WORK INSTRUCTIONS: Copy every entry word for word. Skip the pictures.

DATA FOR THIS TASK:
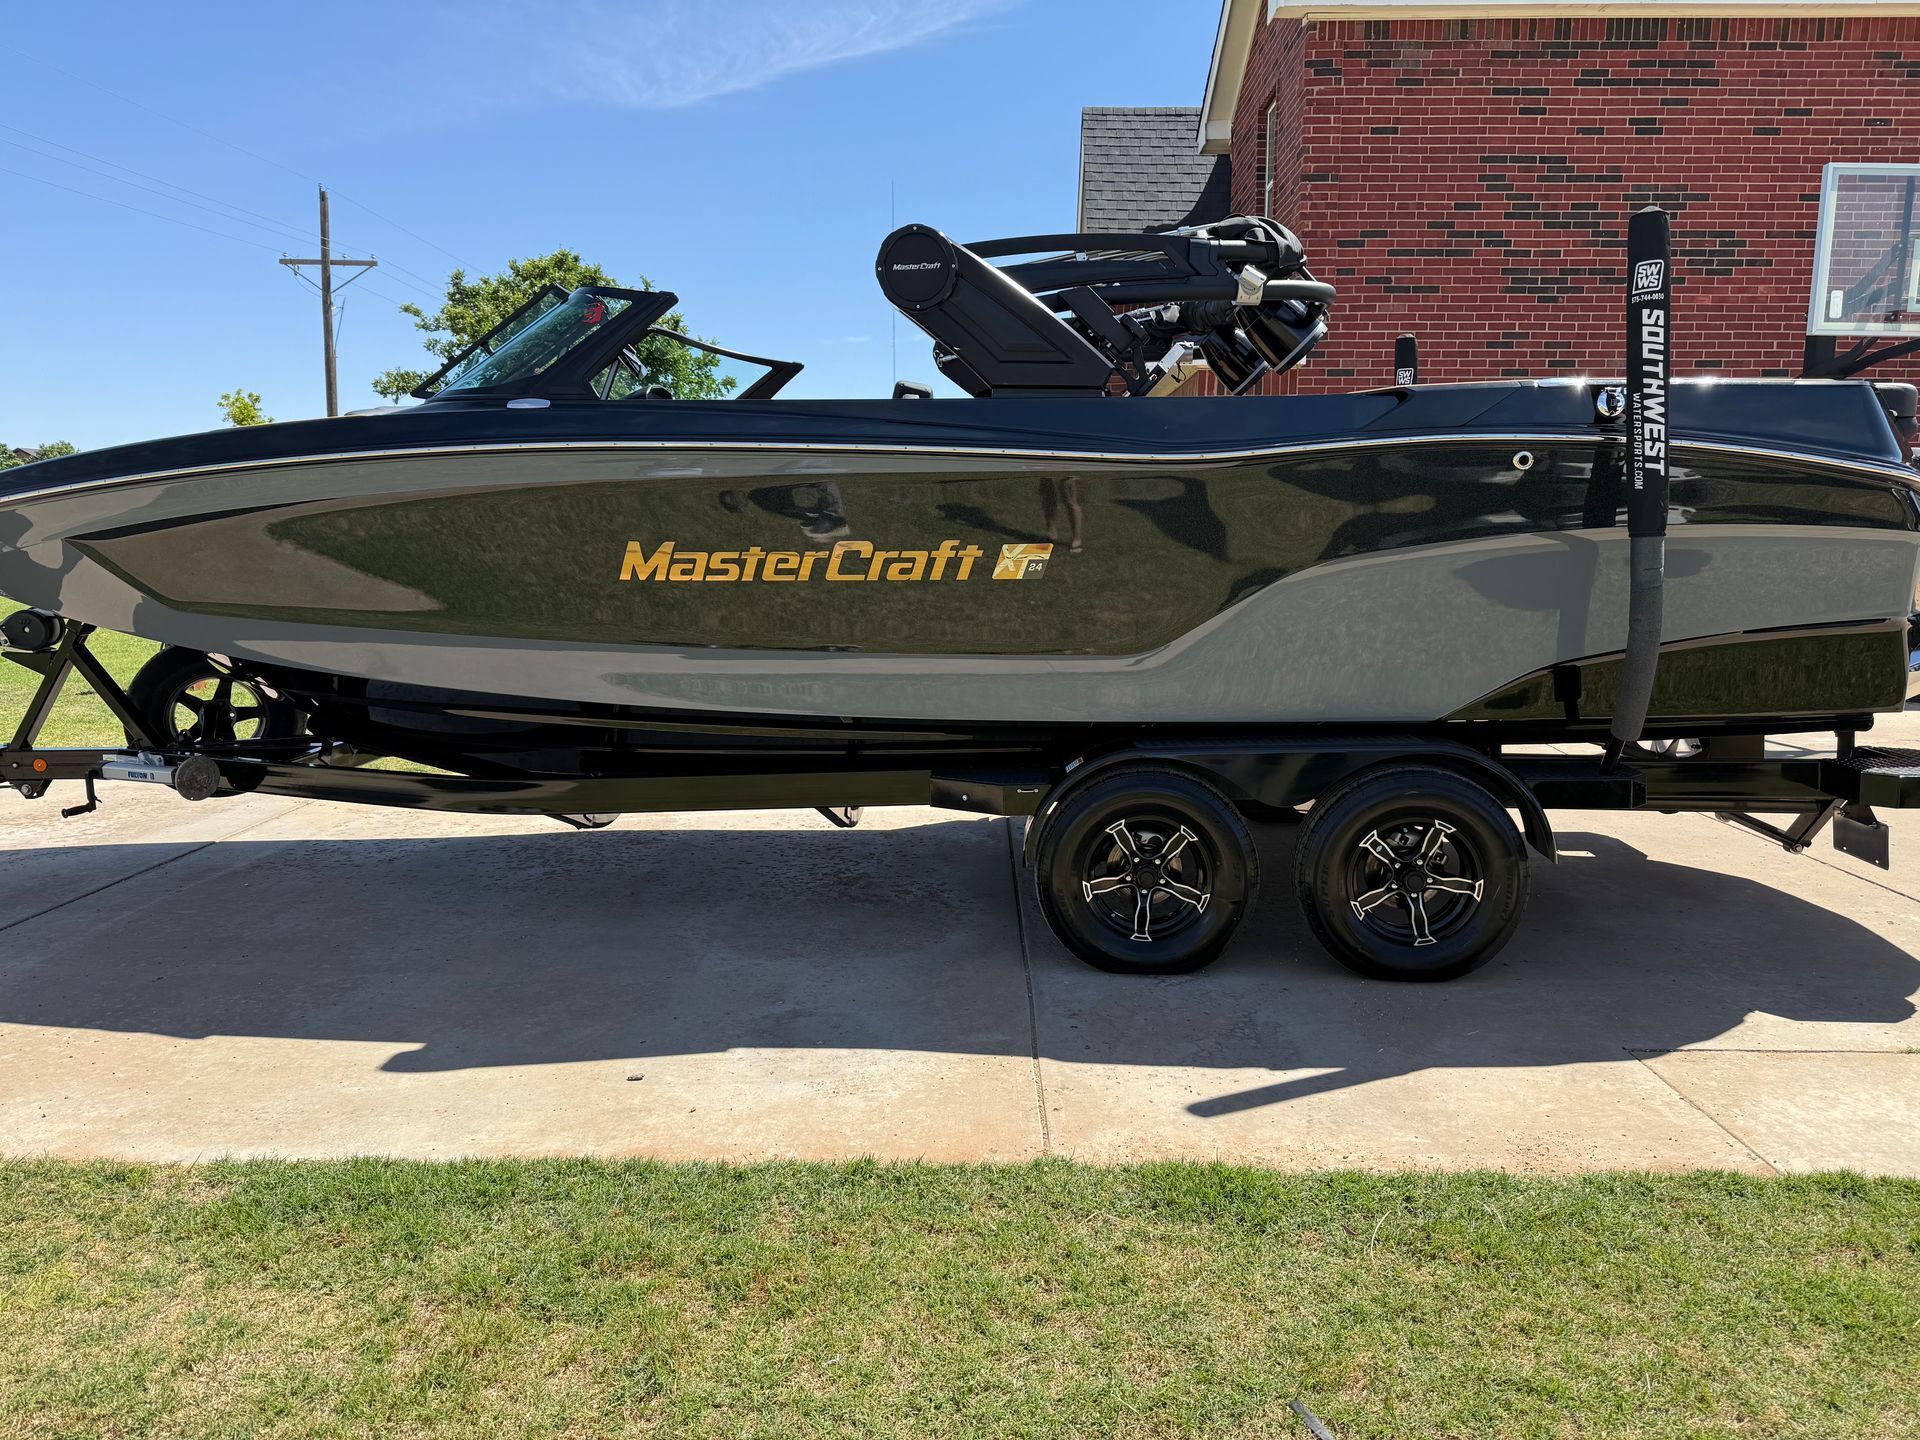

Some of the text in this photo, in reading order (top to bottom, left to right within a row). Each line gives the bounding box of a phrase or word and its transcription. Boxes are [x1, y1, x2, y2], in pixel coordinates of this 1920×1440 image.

[892, 261, 941, 271] MasterCraft
[1637, 263, 1661, 278] SW
[1637, 275, 1659, 289] WS
[1398, 370, 1412, 378] SW
[1641, 308, 1666, 477] SOUTHWEST
[1632, 392, 1644, 490] WATERSPORTS.COM
[619, 539, 983, 581] MasterCraft
[1028, 562, 1044, 572] 24
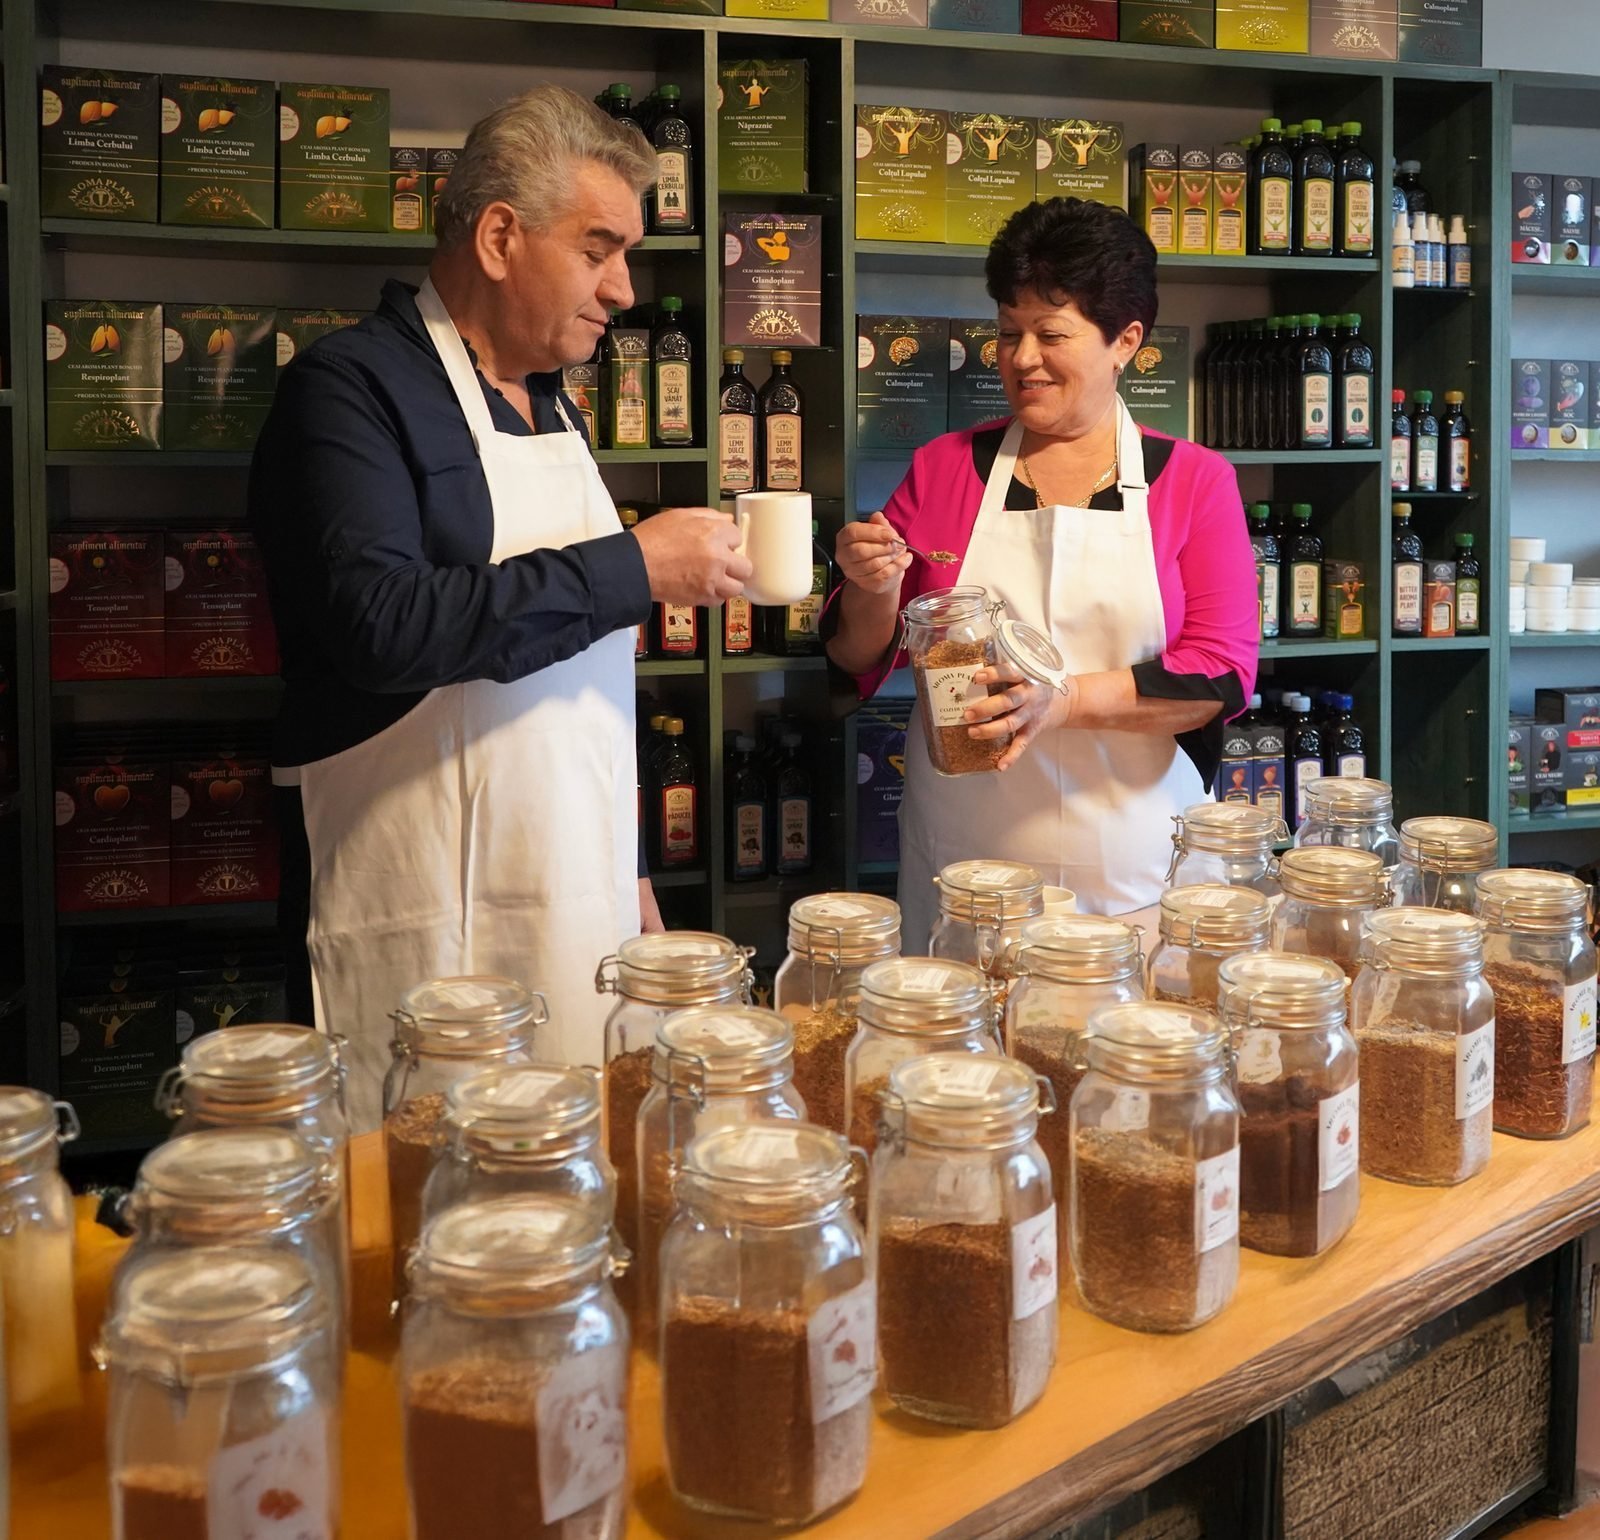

SOLVED EXERCISE:
Some of the text in this photo, in reading order (top to bottom, left to right within a row). Each line gives the bounding box of a phrase or word and its transcription. Boxes are [x1, y1, x2, y2], in pixel coordinates of this 1920×1440 image.

[892, 261, 941, 271] MasterCraft
[1637, 263, 1661, 278] SW
[1637, 275, 1659, 289] WS
[1398, 370, 1412, 378] SW
[1641, 308, 1666, 477] SOUTHWEST
[1632, 392, 1644, 490] WATERSPORTS.COM
[619, 539, 983, 581] MasterCraft
[1028, 562, 1044, 572] 24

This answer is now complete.